Il disco è fatto per appagare senza mezzi termini solamente i loro numerosi fans. I detrattori di questo tipo di musica-non musica, di questo black traditore stravolto da un’enorme carica ambient/epica non cambieranno di certo idea con quest’album, anzi se possibile potrebbero inacidire ancora di più.

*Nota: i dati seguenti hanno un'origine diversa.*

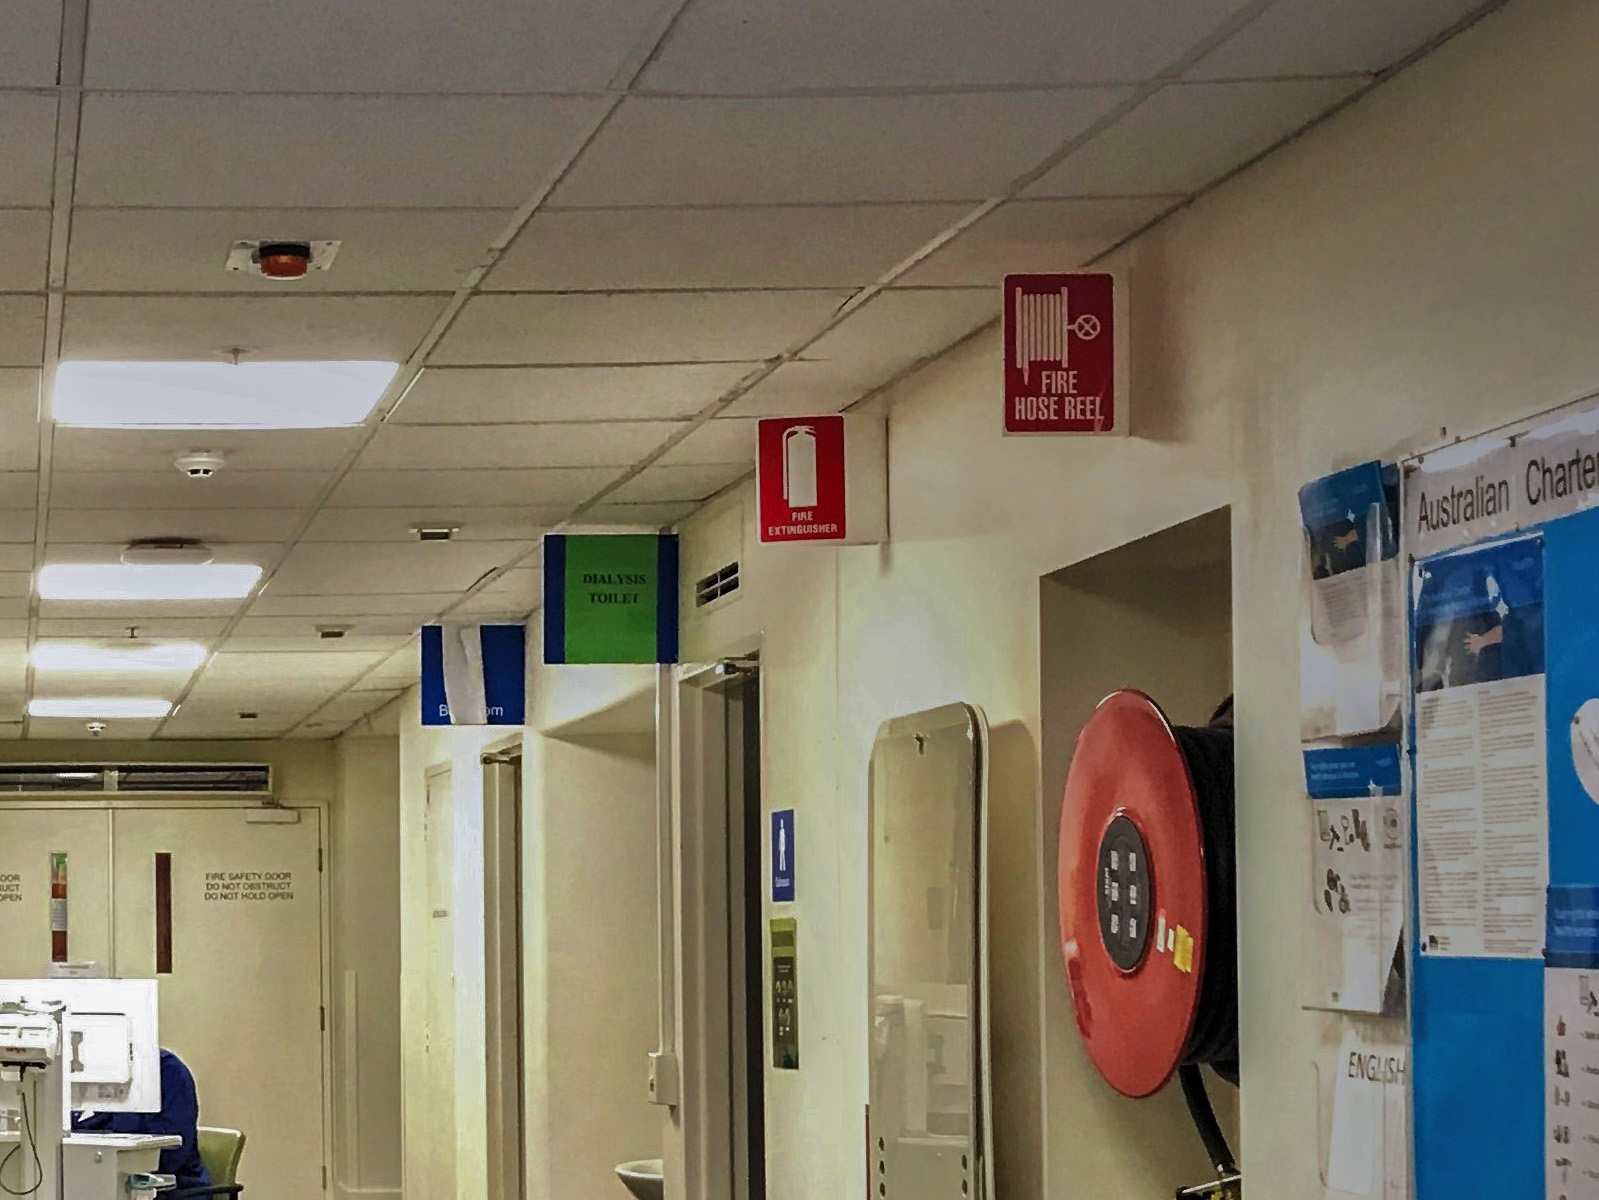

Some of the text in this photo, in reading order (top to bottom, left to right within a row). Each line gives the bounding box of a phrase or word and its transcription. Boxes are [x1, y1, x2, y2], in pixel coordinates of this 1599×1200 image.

Ma considerando che come i Summoning non c’è praticamente nessun altro, e che bisognerebbe coniare un genere musicale solo per loro, direi di lasciarli scalare la loro montagna da soli. Non rubano spazio a nessuno, e di certo non incentiveranno nessuno a percorrere il loro sentiero, vista l’estrema peculiarità del genere suonato. È una questione di amore e odio. La loro presenza non guasta, tuttavia se non ci fossero molti di noi avrebbero uno spazio nell’anima difficile da riempire con altro. Chi è attratto da questo genere di sound ma ancora non li conosce, gli dia pure una possibilità; chi è già loro fan sarà in visibilio da mesi e quindi qualunque parola sarebbe superflua, e chi proprio non riesce a digerire il loro stile… beh, il mondo è pieno di band che aspettano di essere scoperte.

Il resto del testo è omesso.